Actually, aside from severe metabolic damage, the only thing that really needs to be done is continuing your diet at maintenance level and including more carbohydrates.


Seems simple enough, right?


It is!


The hardest part is figuring out how many calories you actually need on a day to day basis, tracking these calories, and not losing your mind while the scale numbers slowly start rising (this is a big one).

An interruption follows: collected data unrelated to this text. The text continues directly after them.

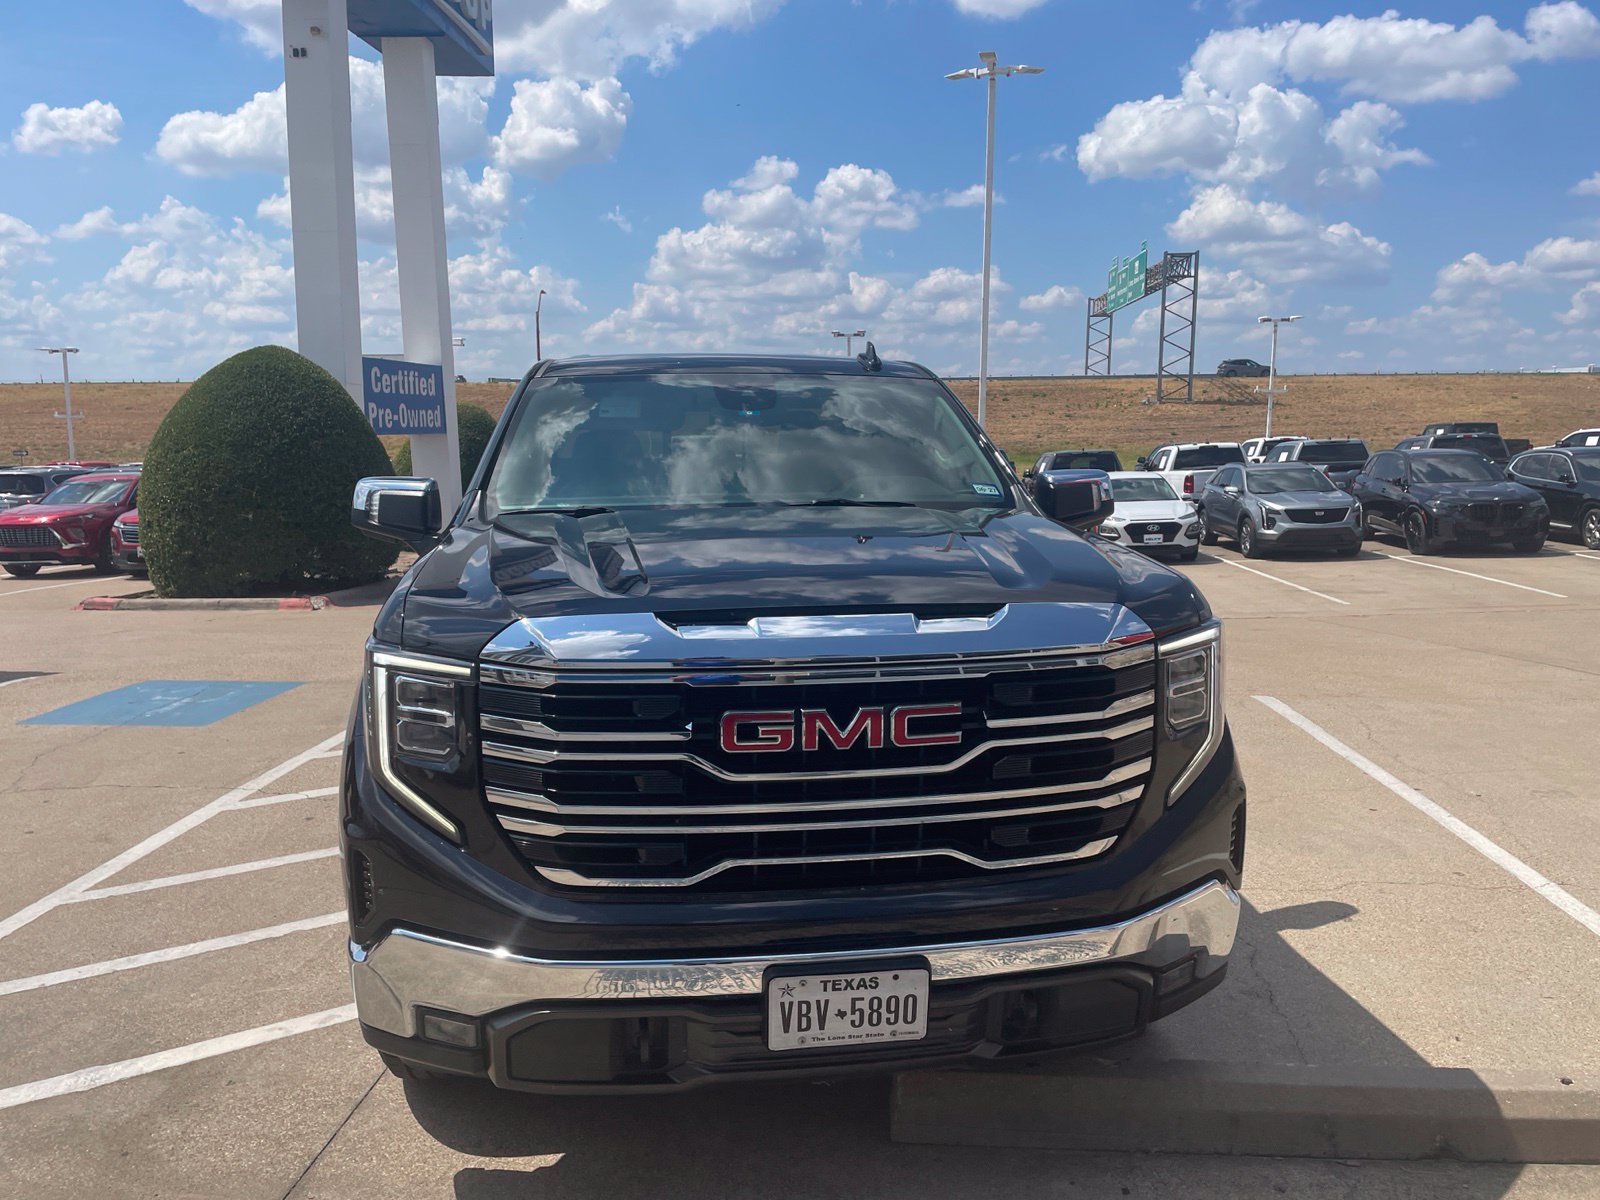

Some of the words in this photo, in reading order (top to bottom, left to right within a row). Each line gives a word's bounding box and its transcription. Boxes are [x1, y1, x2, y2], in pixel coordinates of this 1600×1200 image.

[370, 366, 436, 397] Certified
[368, 401, 442, 428] Pre-Owned
[720, 702, 962, 753] GMC
[820, 976, 879, 992] TEXAS
[779, 999, 830, 1034] VBV
[850, 994, 918, 1029] 5890
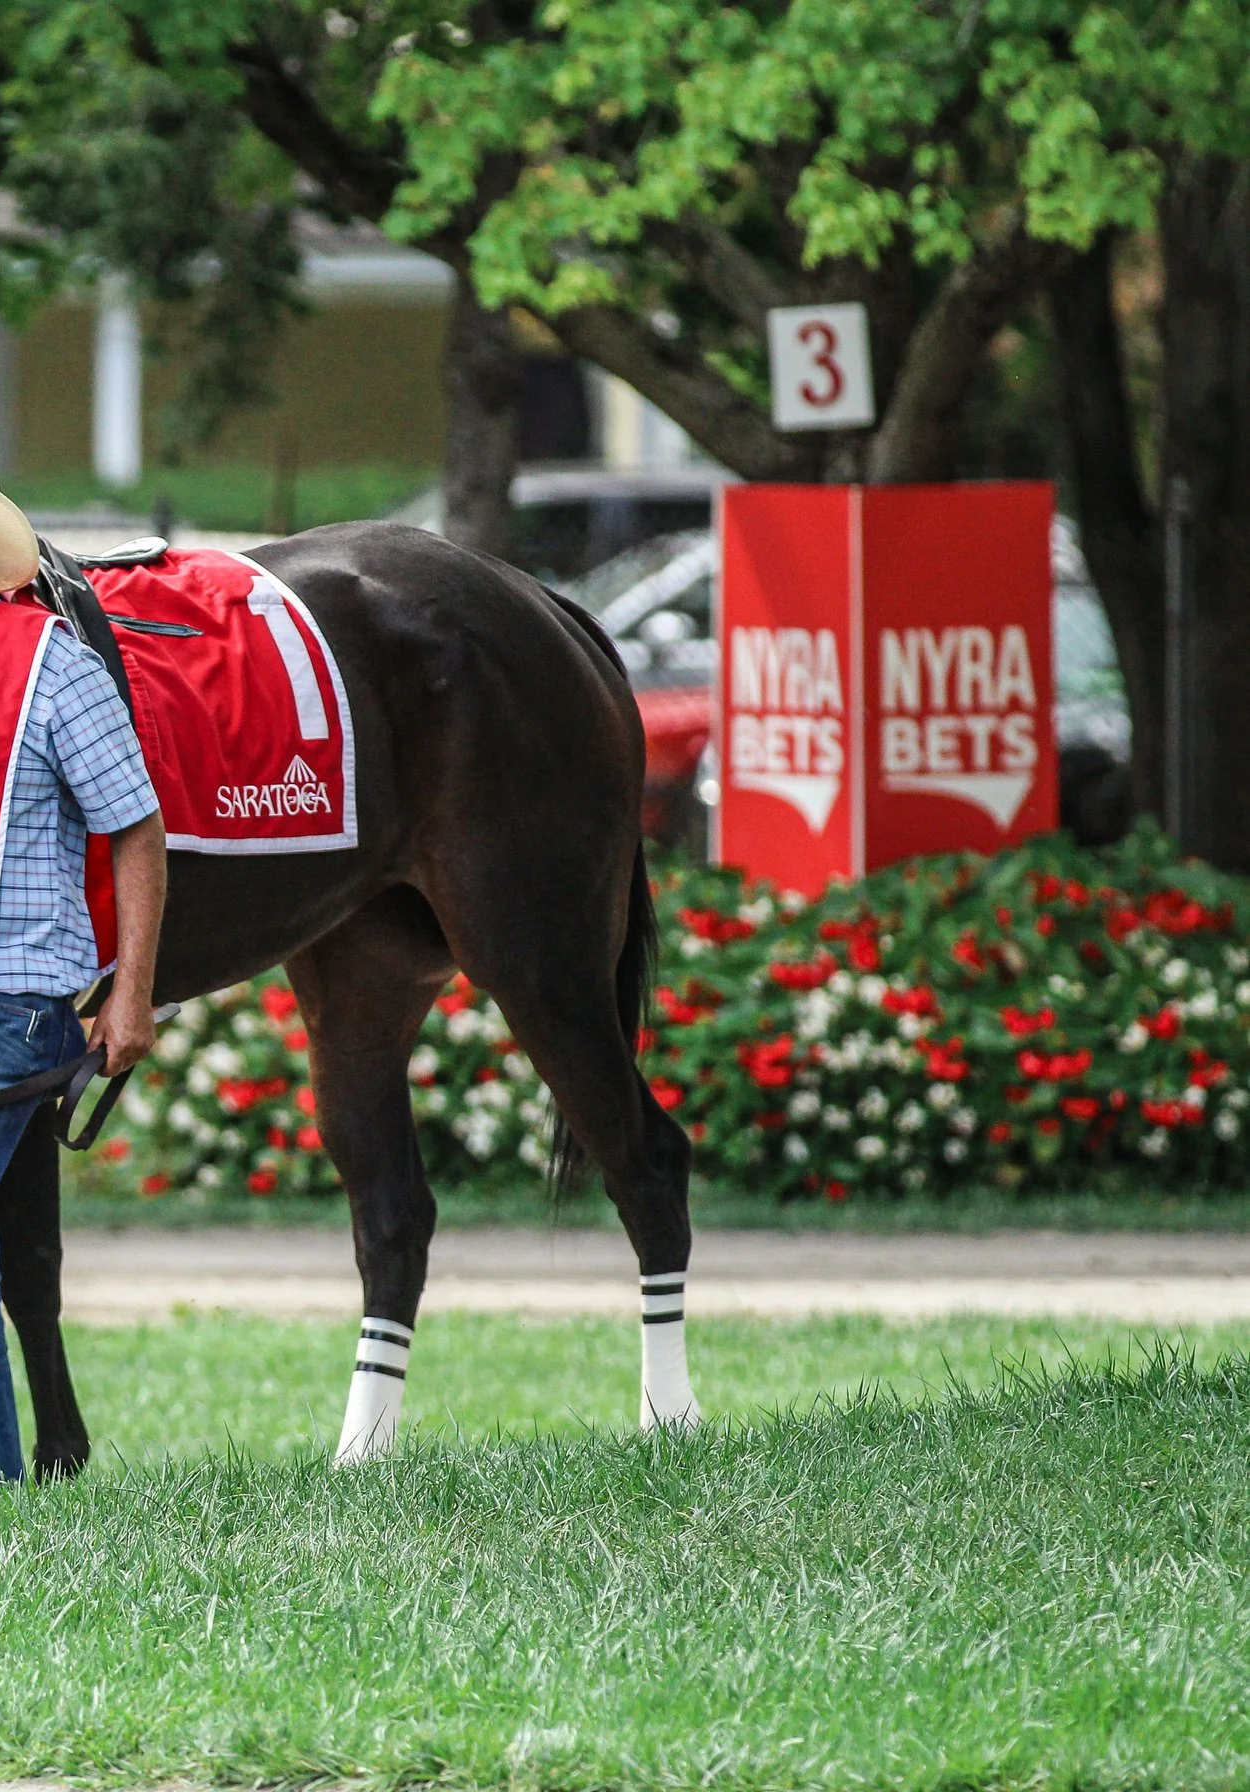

The reason the scale numbers will rise is because more carbs are needed in order to bring Leptin and T3 levels back up which simultaneously increases muscular energy or glycogen stores. Carbs will replenish the lost sugars in the muscle and every carb brings 2.7g of water into the muscle with it... This means that YOU WILL GAIN WEIGHT but it's good weight as long as calories are in check.


So, now you're wondering how to figure out calories, right?


I mean, unless you read my last post…


In my previous post, I explained that you could use the Harris-Benedict equation which is:


Men :

BMR = 66 + ( 6.2 × weight in pounds ) + ( 12.7 × height in inches ) – ( 6.76 × age in years )


Women :

BMR = 655.1 + ( 4.35 × weight in pounds ) + ( 4.7 × height in inches ) - ( 4.7 × age in years )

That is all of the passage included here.